> **WHAT THE EXERCISE ASKS**: Transcribe the records below in their entirety, and leave out each image.

> **DATA EXCERPTS**:
+ + + + +

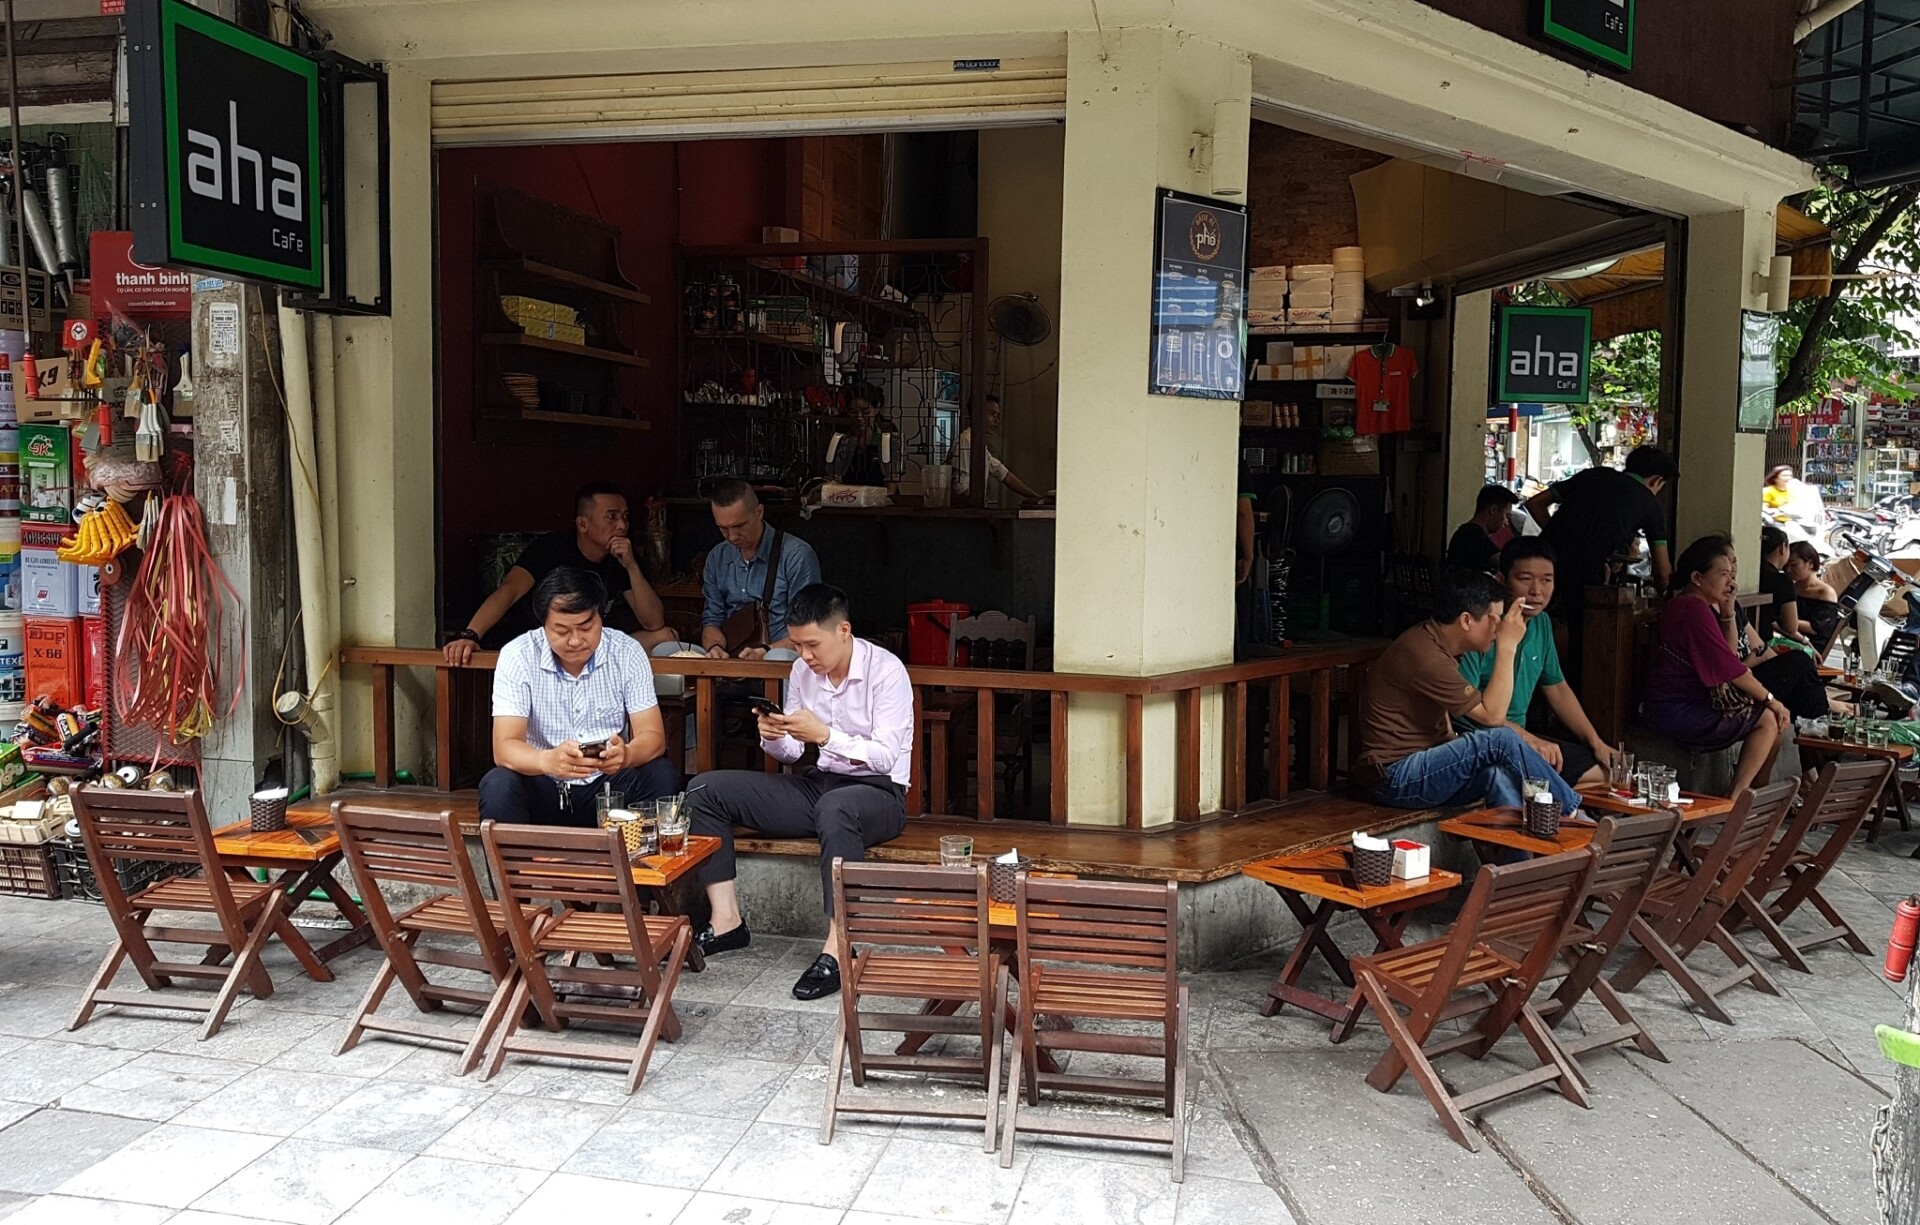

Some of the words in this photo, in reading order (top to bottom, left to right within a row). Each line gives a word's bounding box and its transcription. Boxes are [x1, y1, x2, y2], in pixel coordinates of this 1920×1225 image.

[188, 100, 303, 222] aha
[273, 228, 304, 253] Cafe
[115, 272, 156, 285] thanh
[159, 272, 190, 285] bình
[1510, 334, 1578, 377] aha
[1556, 380, 1577, 389] Cafe
[33, 648, 62, 659] X-66

+ + + + +

> **YOUR SOLUTION**:
Some of the words in this photo, in reading order (top to bottom, left to right within a row). Each line gives a word's bounding box and its transcription. Boxes are [x1, y1, x2, y2], in pixel coordinates of this 1920×1225 image.

[188, 100, 303, 222] aha
[273, 228, 304, 253] Cafe
[115, 272, 156, 285] thanh
[159, 272, 190, 285] bình
[1510, 334, 1578, 377] aha
[1556, 380, 1577, 389] Cafe
[33, 648, 62, 659] X-66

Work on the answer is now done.